* [Task]: A word-for-word copy of all entries is required, without images.
▼
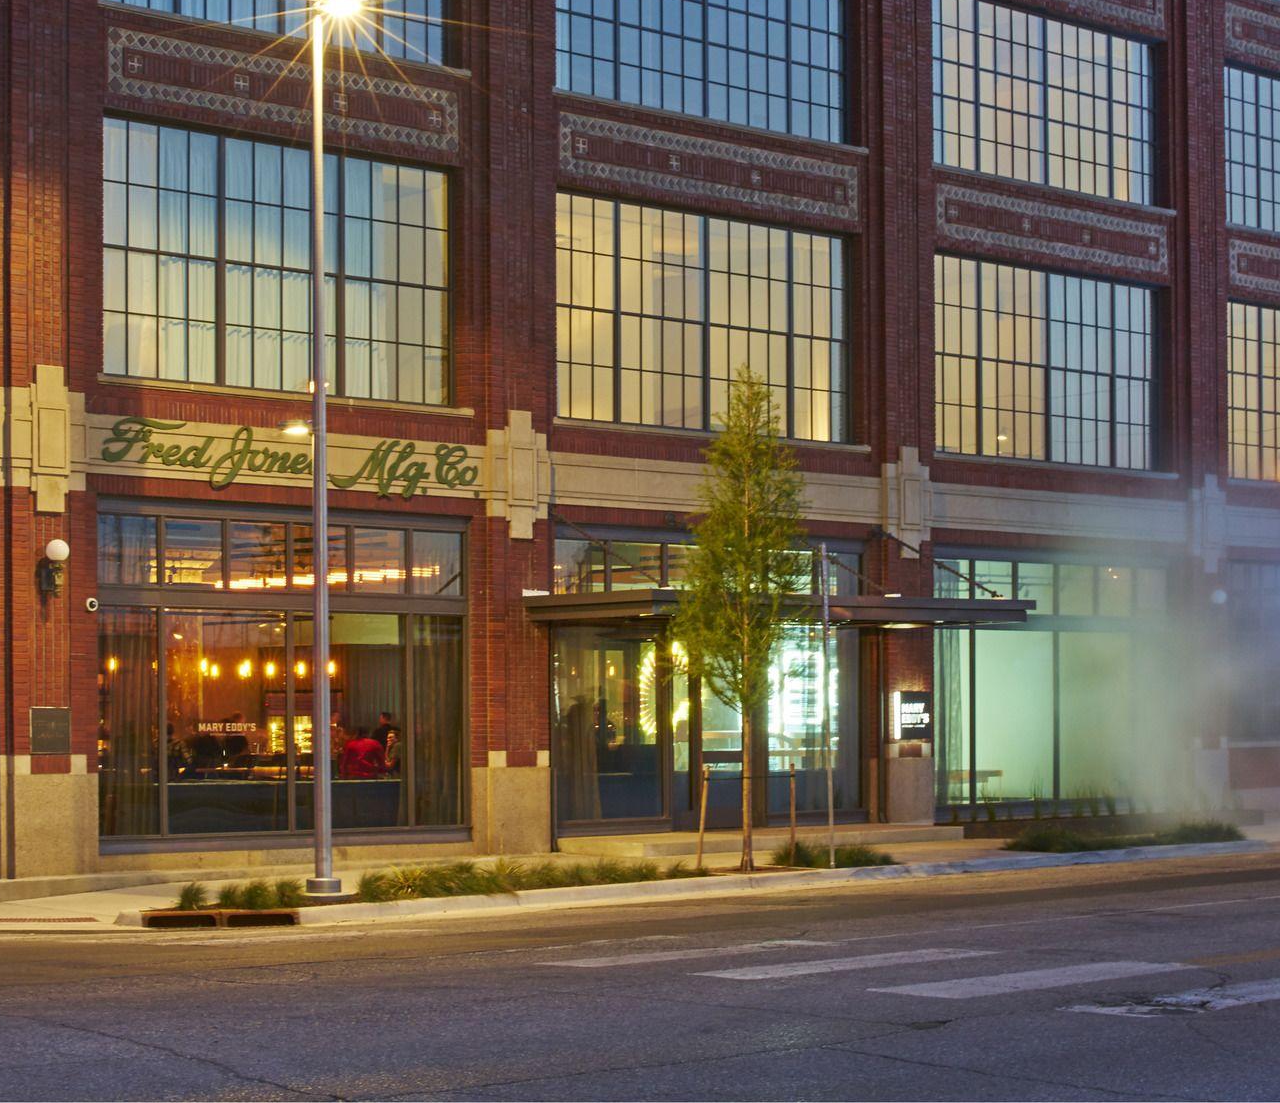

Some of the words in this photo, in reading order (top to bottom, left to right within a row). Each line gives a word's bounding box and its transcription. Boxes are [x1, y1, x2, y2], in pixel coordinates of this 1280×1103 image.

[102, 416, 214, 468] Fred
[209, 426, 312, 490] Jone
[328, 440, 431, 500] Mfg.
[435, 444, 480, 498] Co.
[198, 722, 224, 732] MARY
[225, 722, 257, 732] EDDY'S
▲
* [Exercise solution]:
Some of the words in this photo, in reading order (top to bottom, left to right within a row). Each line gives a word's bounding box and its transcription. Boxes are [x1, y1, x2, y2], in pixel coordinates of this 1280×1103 image.

[102, 416, 214, 468] Fred
[209, 426, 312, 490] Jone
[328, 440, 431, 500] Mfg.
[435, 444, 480, 498] Co.
[198, 722, 224, 732] MARY
[225, 722, 257, 732] EDDY'S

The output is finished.